Saved entries:
• • • •
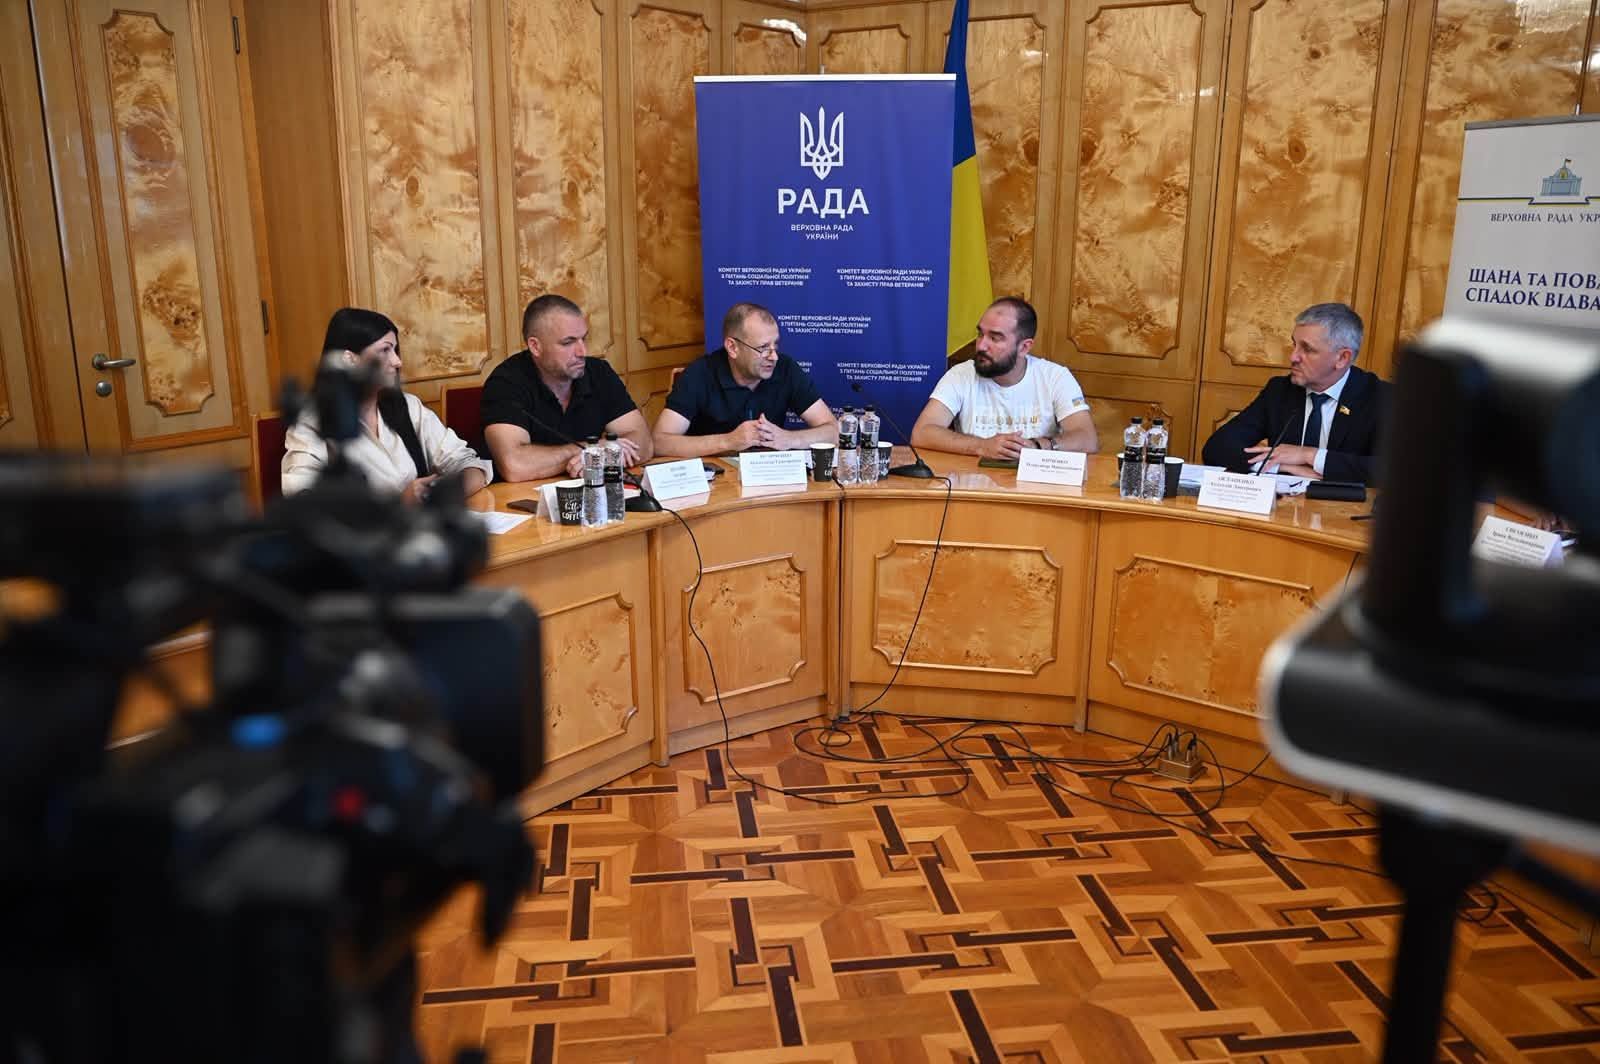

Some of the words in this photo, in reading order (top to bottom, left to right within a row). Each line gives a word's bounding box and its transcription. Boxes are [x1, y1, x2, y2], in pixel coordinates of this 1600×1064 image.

[778, 188, 870, 219] РАДА
[1490, 212, 1542, 222] ВЕРХОВНА
[1547, 213, 1574, 223] РАДА
[833, 224, 854, 232] РАДА
[805, 232, 840, 240] УКРАЇНИ
[1469, 268, 1521, 284] ШАНА
[1528, 272, 1547, 286] ТА
[1466, 287, 1540, 306] СПАДОК
• • • •
- **WHAT TO DO**
Keep the pictures out of the copy and write out the data exactly as it stands.

- **RESPONSE TO THE EXERCISE**
Some of the words in this photo, in reading order (top to bottom, left to right within a row). Each line gives a word's bounding box and its transcription. Boxes are [x1, y1, x2, y2], in pixel coordinates of this 1600×1064 image.

[778, 188, 870, 219] РАДА
[1490, 212, 1542, 222] ВЕРХОВНА
[1547, 213, 1574, 223] РАДА
[833, 224, 854, 232] РАДА
[805, 232, 840, 240] УКРАЇНИ
[1469, 268, 1521, 284] ШАНА
[1528, 272, 1547, 286] ТА
[1466, 287, 1540, 306] СПАДОК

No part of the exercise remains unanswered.